Excerpts from a dataset

═══

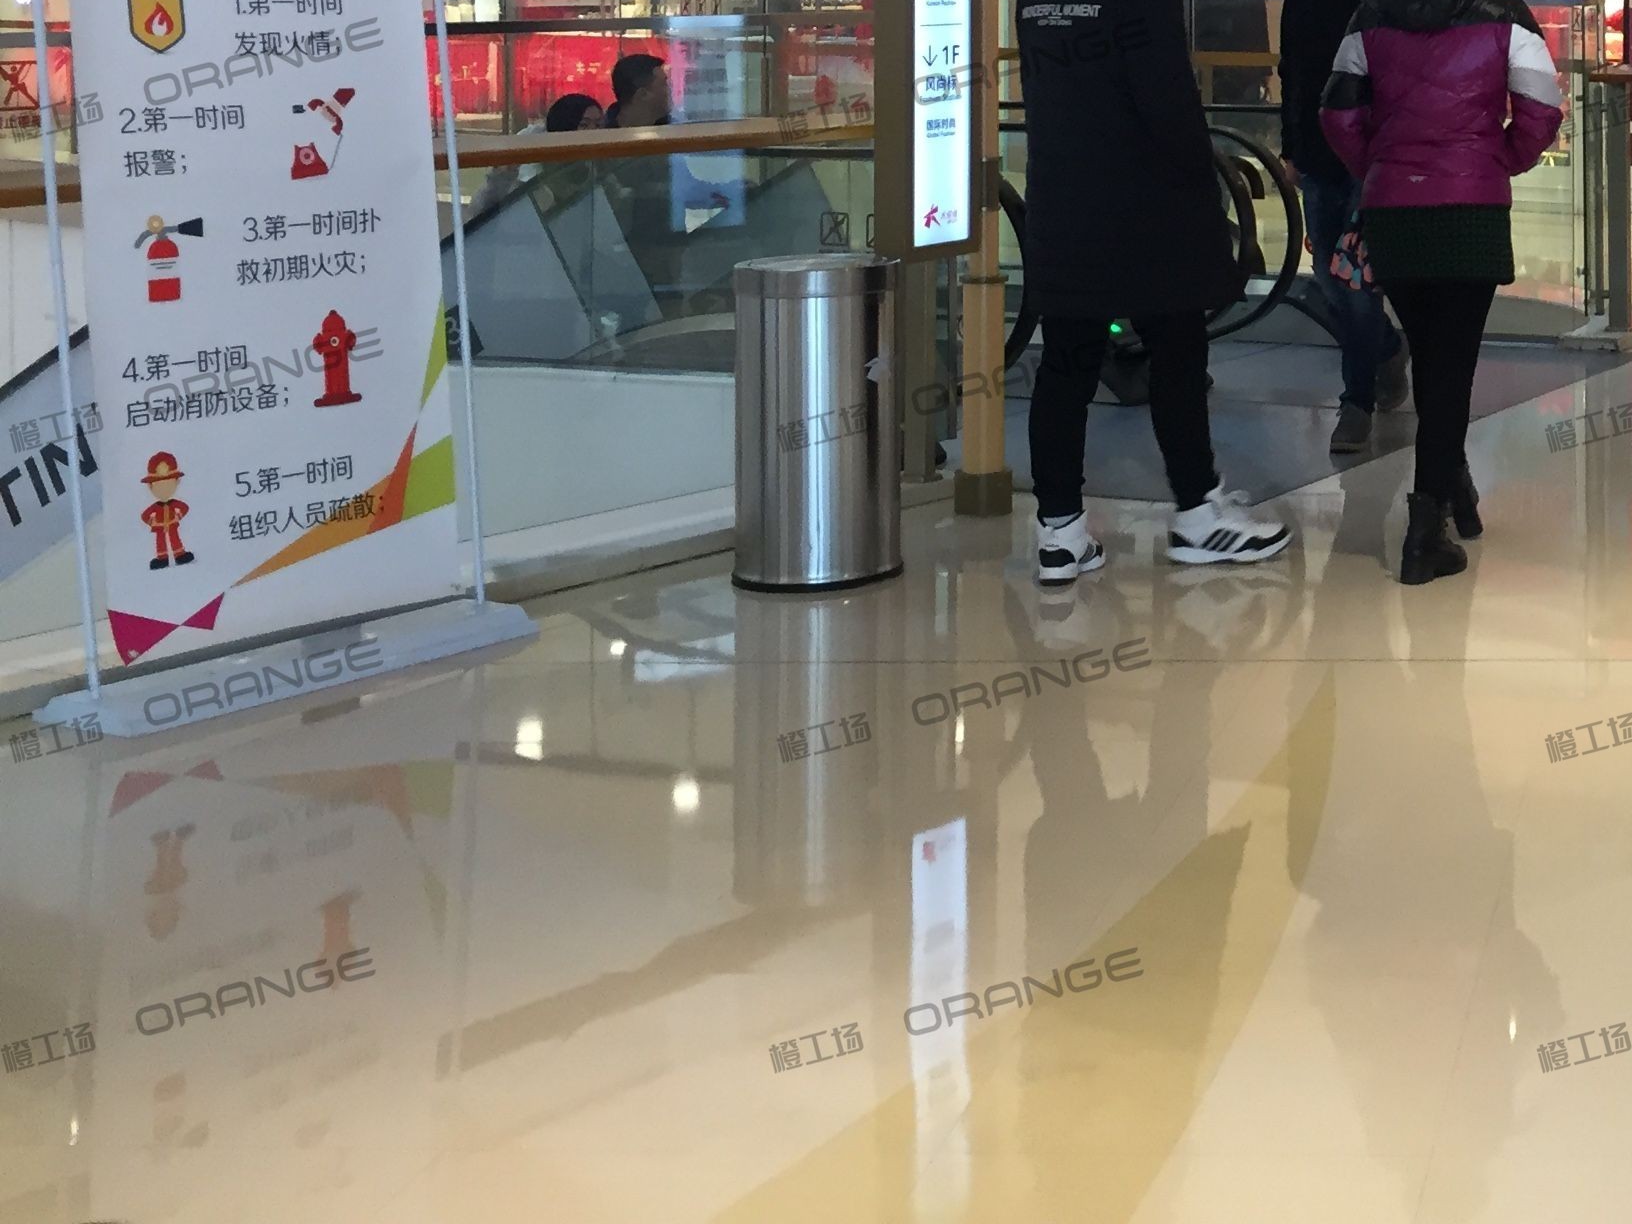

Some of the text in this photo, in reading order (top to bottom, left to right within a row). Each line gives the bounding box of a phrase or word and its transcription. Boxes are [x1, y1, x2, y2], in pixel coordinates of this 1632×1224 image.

[942, 45, 960, 65] 1F
[119, 105, 246, 134] 2.第一时间
[242, 210, 382, 243] 3.第一时间扑
[122, 345, 249, 383] 4.第一时间
[235, 456, 353, 498] 5.第一时间
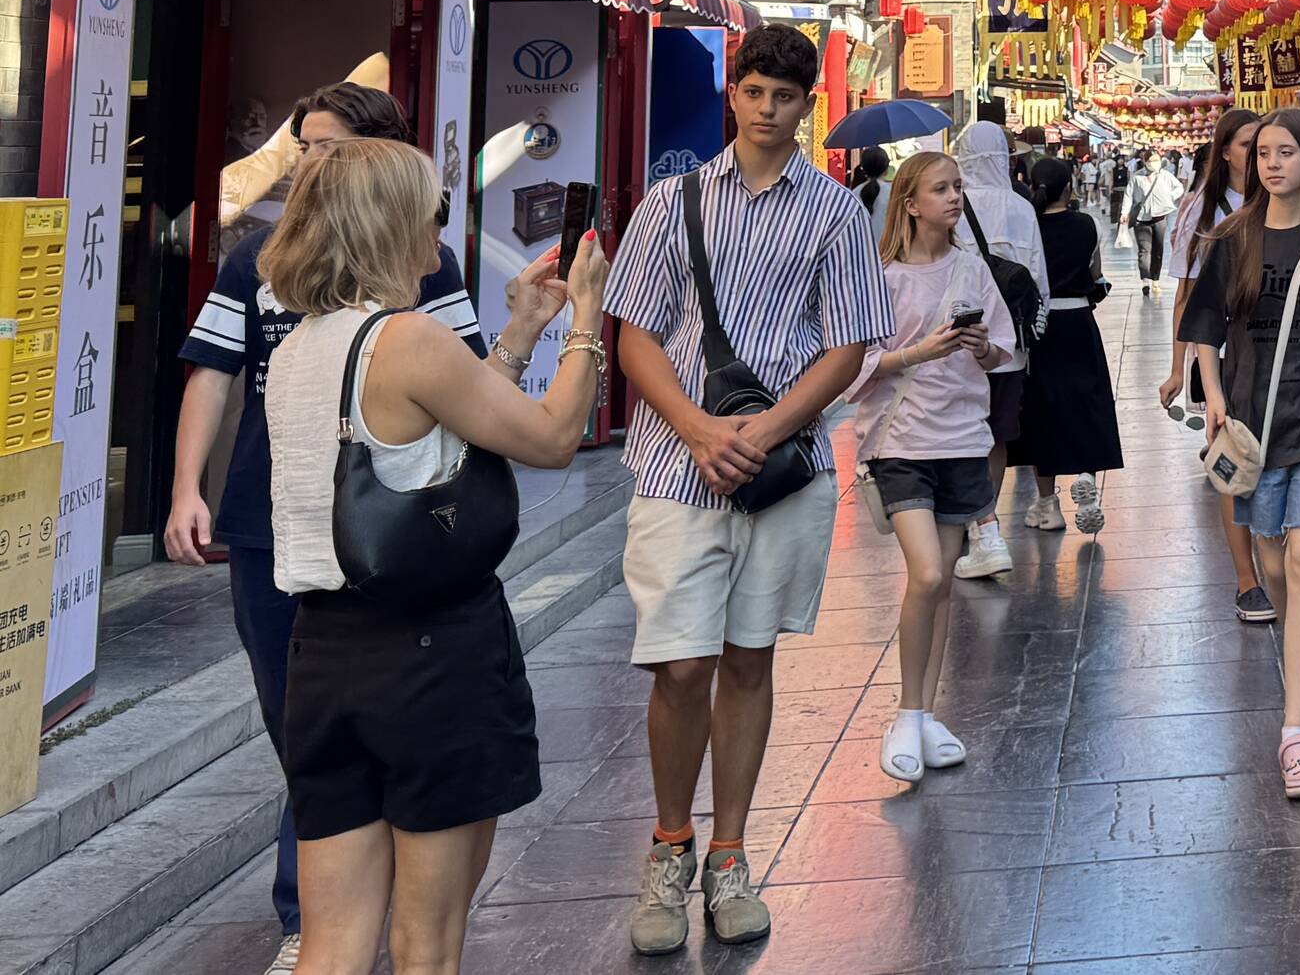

═══

Transcribe all entries above exactly. Drop the pictures.

### Expected output
Some of the text in this photo, in reading order (top to bottom, left to right within a row). Each line gives the bounding box of a phrase or word and its transcription. Boxes are [x1, y1, x2, y2], in pixel coordinates of this 1632×1224 image.

[942, 45, 960, 65] 1F
[119, 105, 246, 134] 2.第一时间
[242, 210, 382, 243] 3.第一时间扑
[122, 345, 249, 383] 4.第一时间
[235, 456, 353, 498] 5.第一时间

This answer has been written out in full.